“Cardiac arrhythmias are a leading cause of morbidity and mortality in the United States,” said Shojaie. “While molecular mechanisms of arrhythmias are not fully understood, they likely involve genomic, epigenomic, and environmental influences.”
Using statistical machine learning and systems biology approaches, the team aims to integrate genetic sequence variation with multiple omics data (epigenomics, transcriptomics, and proteomics) in order to uncover novel associations and clarify biologic mechanisms associated with arrhythmia-related phenotypes.
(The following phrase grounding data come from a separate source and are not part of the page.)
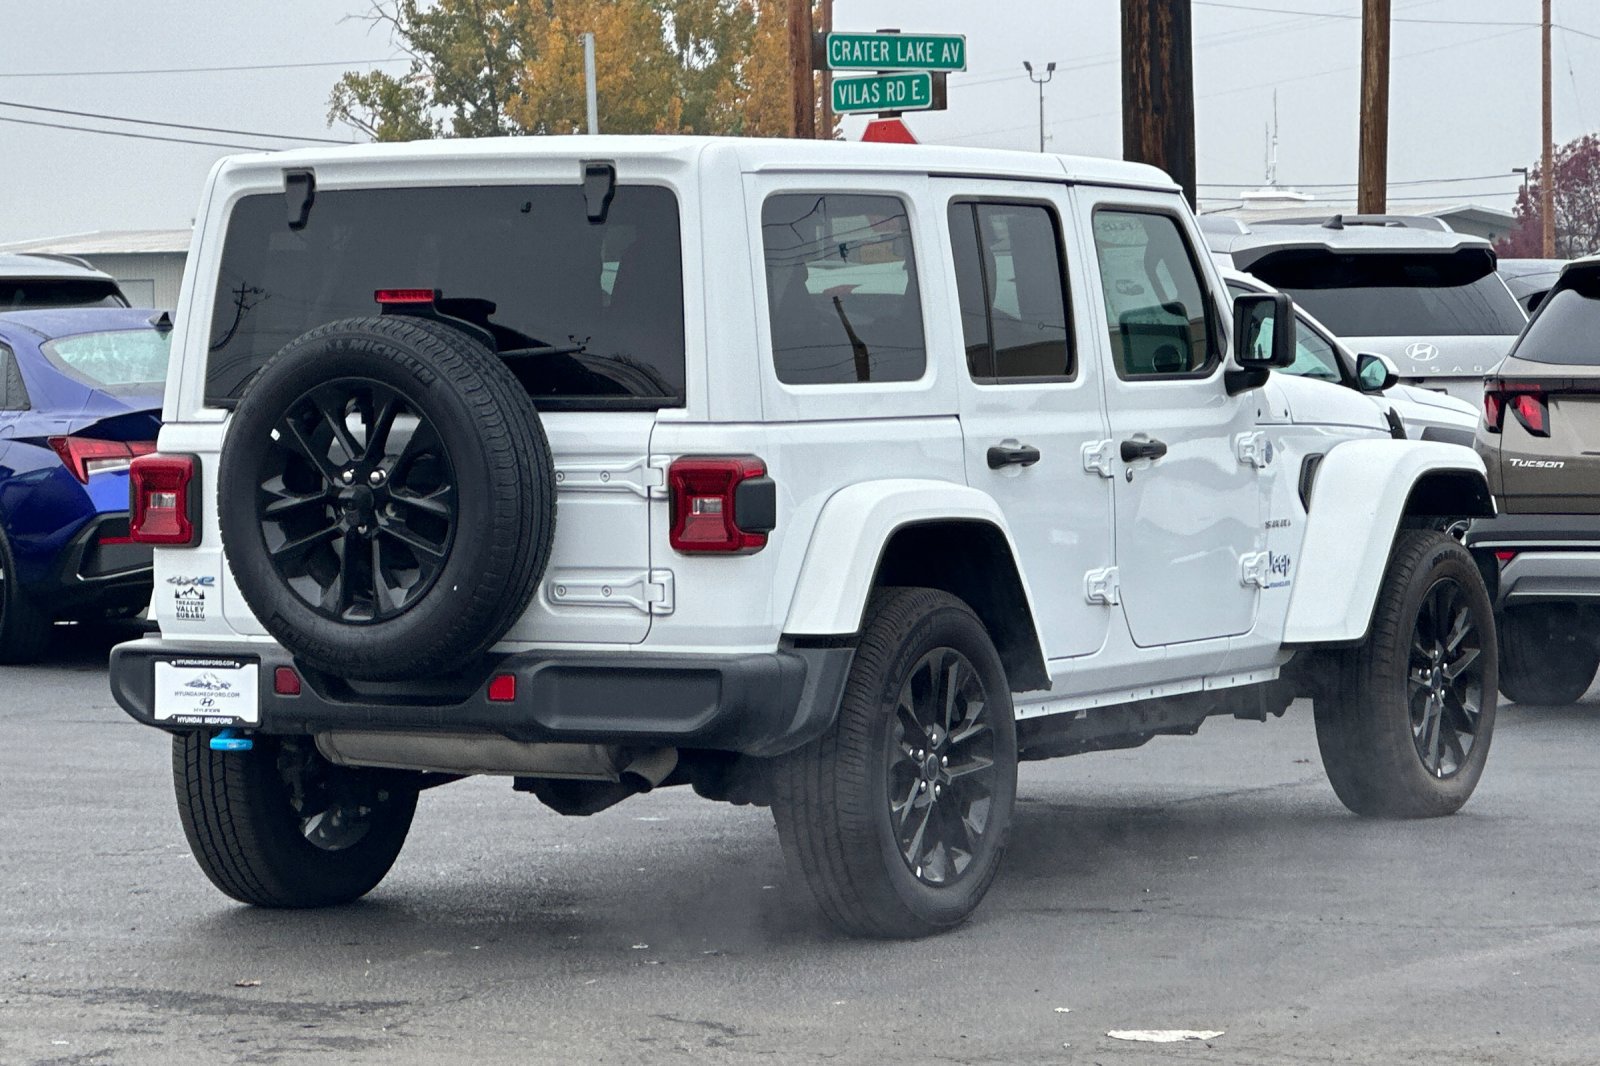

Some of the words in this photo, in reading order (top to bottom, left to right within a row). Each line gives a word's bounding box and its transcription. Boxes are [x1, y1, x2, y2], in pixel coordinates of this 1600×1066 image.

[832, 41, 889, 61] CRATER
[897, 42, 934, 62] LAKE
[941, 43, 960, 63] AV
[838, 82, 880, 104] VILAS
[886, 81, 906, 101] RD
[912, 79, 925, 100] E.
[177, 716, 203, 724] HYUNDAI
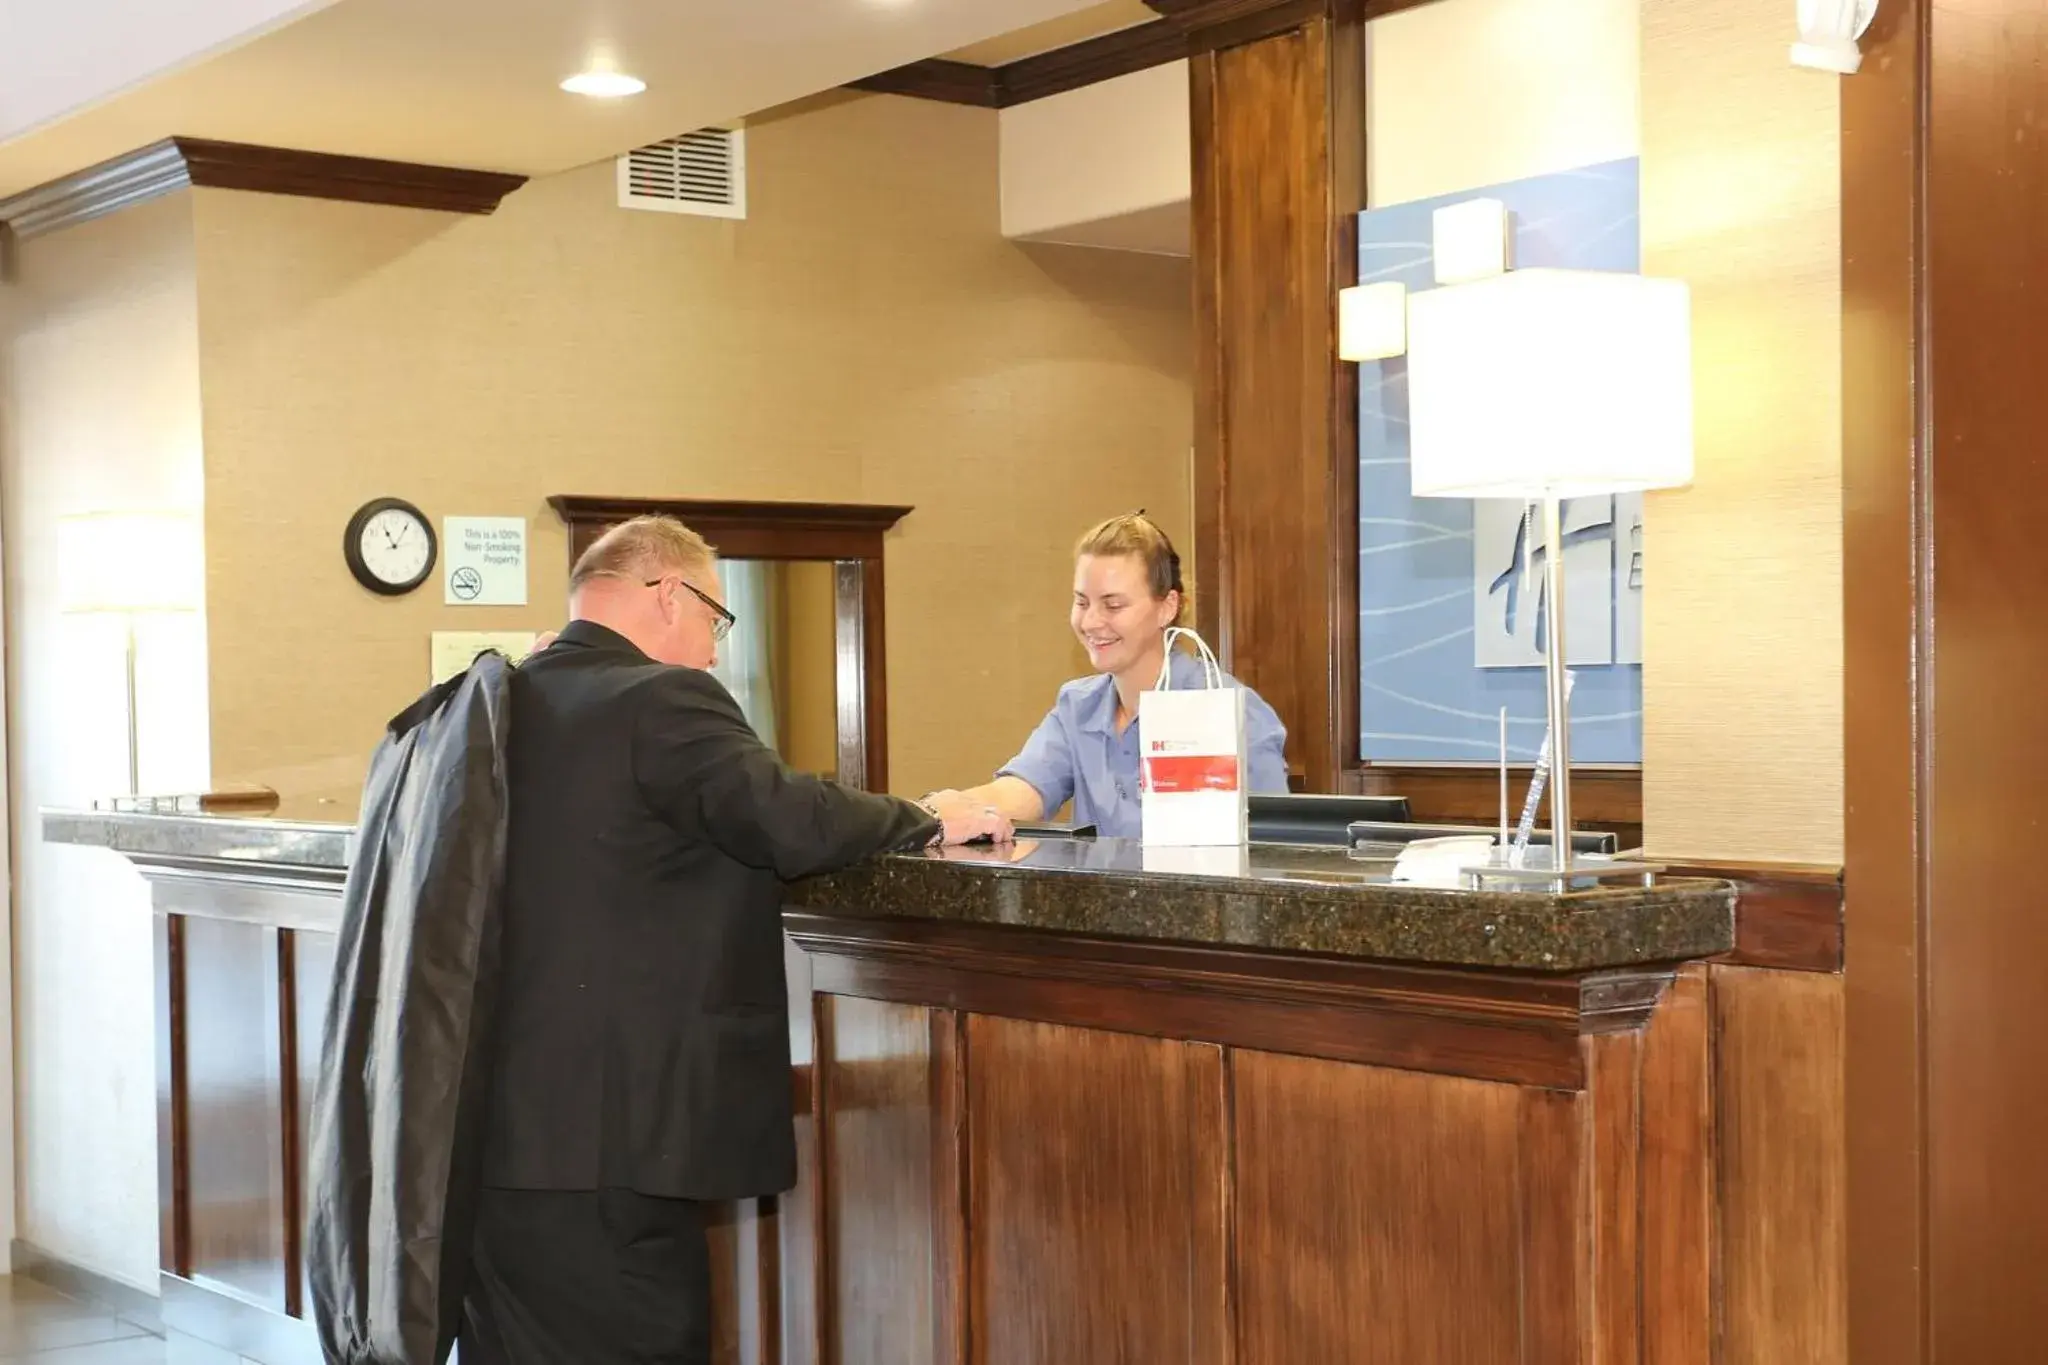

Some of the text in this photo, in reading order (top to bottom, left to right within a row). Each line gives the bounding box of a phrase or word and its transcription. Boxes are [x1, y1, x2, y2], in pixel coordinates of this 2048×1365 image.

The goal is to identify pathways, genes, and genetic variants that are clinically relevant and, therefore, are potential targets for new therapies, diagnostics, or risk predictions.
“Integrating these multiplex data pose many challenges, but also offer exciting opportunities for developing statistical machine learning and network analysis methods to glean insight into mechanisms of cardiac arrhythmias,” said Shojaie.
This R01 grant is in collaboration with Nona Sotoodehnia, MD, MPH, co-director UW Cardiovascular Health Research Unit, and Dan Eytan Arking, PhD, co-director Biological Mechanisms Core, Johns Hopkins University. The TOPMed program is sponsored by the National Heart, Lung and Blood Institute (NHLBI).